Excerpt #3: Gregory catches his breath and narrows his gaze.

Don-PhThe-Watcher-600-web“So, Will, tell me, what made you finally change your mind and decide to uproot from San Francisco and come back to Atlanta?”

“I’m an ambitious bastard. And, you told me I could own a chunk of this ad agency, if I do what I know how to do: make ads.”

As I say those words, I realize I haven’t been anxious since Gregory and I began to talk. From nowhere, a wave of gut-wrenching fear puts a stranglehold on my body, and the image of me hurling into the azalea bushes flashes across the Technicolor screen in my mind. My hands begin to tremble, so I put them inside the pockets of my new Ralph Lauren tuxedo. Oh, yeah, I forgot to mention that this soiree is black tie.

“We meant every word of it, Will. This is a young person’s business. I’m long in the tooth, and Ian’s antsy to bring on the next generation of leadership.”

“That’s why I’m walking up this driveway with you in this stifling tuxedo, instead of tearing around the San Francisco Bay in my catamaran, overflowing with big breasted, nubile young chicks.”

Truth is, after seven and a half years of working in the Bay area—my entire life since college in Colorado—I was sick of it. The wide range of ethnicities was exhilarating, especially coming from the Deep South, but—I don’t know—the clammy, foggy days and the super hip attitude rampant in the ad world, which was bullshit in my view, had begun to cloy.

Or maybe I just needed to come home and face the dragon.

Maybe it was time to do that. . . .

“Let’s head around to the back yard and see if we can find his Excellency, Mr. McDonald,” Gregory says.

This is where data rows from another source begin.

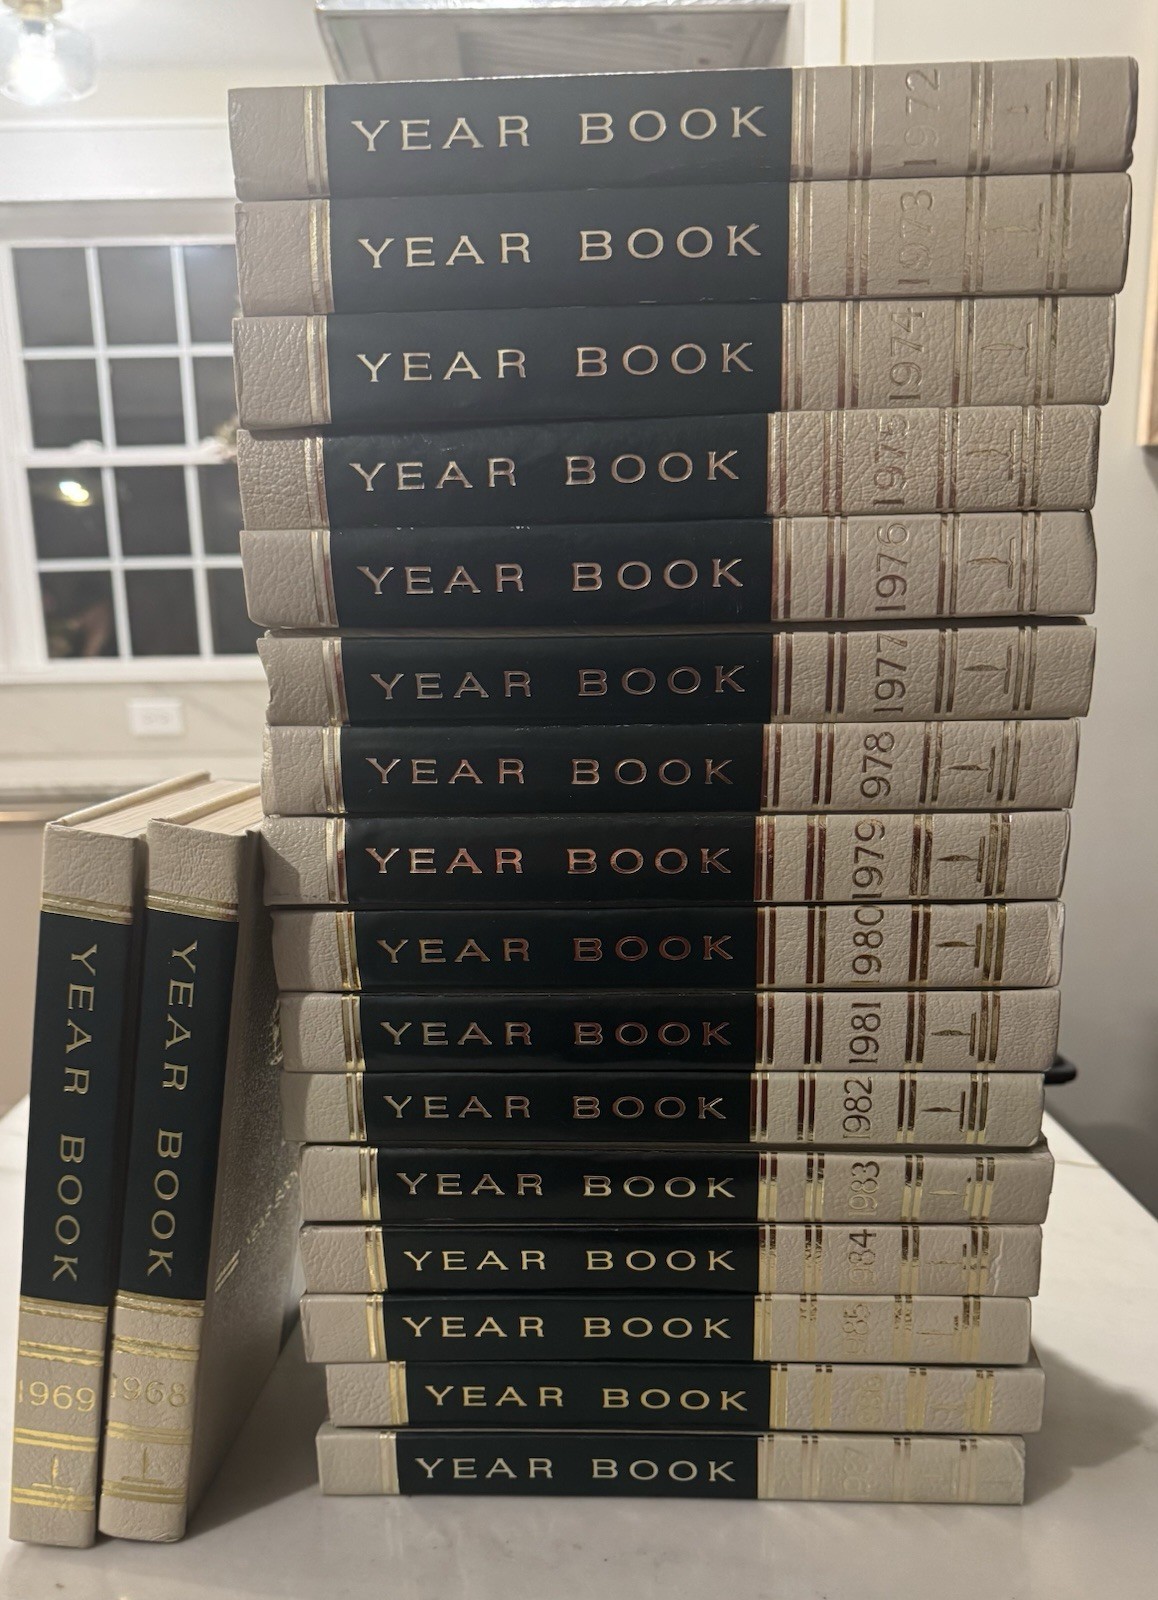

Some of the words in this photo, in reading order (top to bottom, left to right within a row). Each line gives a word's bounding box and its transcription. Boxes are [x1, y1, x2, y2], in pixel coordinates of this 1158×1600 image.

[351, 115, 530, 152] YEAR
[579, 106, 767, 145] BOOK
[903, 68, 940, 167] 1972
[358, 232, 531, 269] YEAR
[579, 223, 762, 262] BOOK
[898, 189, 934, 285] 1973
[357, 349, 527, 383] YEAR
[575, 342, 754, 377] BOOK
[889, 307, 925, 400] 1974
[349, 457, 517, 492] YEAR
[565, 450, 739, 486] BOOK
[873, 414, 910, 506] 1975
[357, 563, 524, 594] YEAR
[571, 558, 743, 592] BOOK
[874, 523, 910, 612] 1976
[371, 670, 532, 700] YEAR
[578, 665, 746, 697] BOOK
[873, 633, 907, 713] 1977
[365, 757, 525, 785] YEAR
[571, 757, 734, 785] BOOK
[859, 731, 896, 806] 978
[365, 847, 524, 874] YEAR
[566, 847, 731, 875] BOOK
[852, 818, 885, 900] 1979
[377, 937, 530, 964] YEAR
[573, 934, 734, 962] BOOK
[851, 904, 884, 984] 1980
[64, 943, 97, 1096] YEAR
[162, 940, 198, 1091] YEAR
[380, 1021, 533, 1046] YEAR
[573, 1021, 732, 1046] BOOK
[848, 1002, 881, 1064] 1981
[383, 1095, 531, 1119] YEAR
[572, 1095, 727, 1119] BOOK
[842, 1076, 872, 1139] 1982
[52, 1133, 86, 1282] BOOK
[147, 1128, 183, 1277] BOOK
[396, 1173, 543, 1196] YEAR
[583, 1175, 736, 1199] BOOK
[849, 1160, 880, 1216] 1983
[404, 1250, 546, 1271] YEAR
[586, 1250, 736, 1272] BOOK
[402, 1316, 545, 1338] YEAR
[583, 1316, 731, 1339] BOOK
[842, 1303, 871, 1356] 985
[17, 1379, 95, 1412] 1969
[109, 1373, 186, 1408] 1968
[425, 1385, 564, 1407] YEAR
[602, 1387, 748, 1412] BOOK
[415, 1457, 554, 1479] YEAR
[592, 1457, 736, 1482] BOOK

Finding Ian McDonald is easy—you simply must be quiet for a second and listen for the sound of a stentorian voice. And there it is: Ian holding forth in the oversized gazebo in the oversized back yard behind his oversized mansion. Gregory and I walk across the yard filled with meticulously coiffed advertising people, media people, printing sales representatives, PR people, politicians, family members, church people, and god knows who else—everyone looking like they are having one hell of a good time. Hundreds of them. And everywhere the trappings of wealth, status and power: I enter a massive circus tent brimming with food and drink and scores of elegantly liveried waiters, at your beck and call, looking bored but trying gamely not to. I am hungry as a banshee but now is not the time. Have to pay homage to the king, who at this moment is launching into one of the stories that helped him charm clients out of their fertile advertising budgets from New York to Miami.

“So there I was, nose to nose with the chairman of the largest advertising agency in the free world: J. Walter Thompson. Me, a raw-boned kid up from nowheresville in a world of blue bloods from Haaavard and Yaaale—including this old codger who was busting my chops—a Yalie.”

You have to hand it to Ian, he is a sublime storyteller. He has me going from the first words. And even though he isn’t elegant and handsome like Gregory—his features are cartoonish: big ears, a bulbous nose, and a military haircut glistening with Vitalis hair styler (think Karl Malden); his eyes burn right through whomever he is talking with, Svengali-like. (I feel like a deer caught in the headlights). Ian has passion and energy for what he is doing and that outshines 99% of the other people I typically run across who are satisfied to lead their lives as high-paid technicians or bureaucrats sliding down “the slippery slope of brilliant irrelevance” (one of my ad heroes, David Ogilvy, said that to describe a failed advertising concept). No, Ian is not one of those.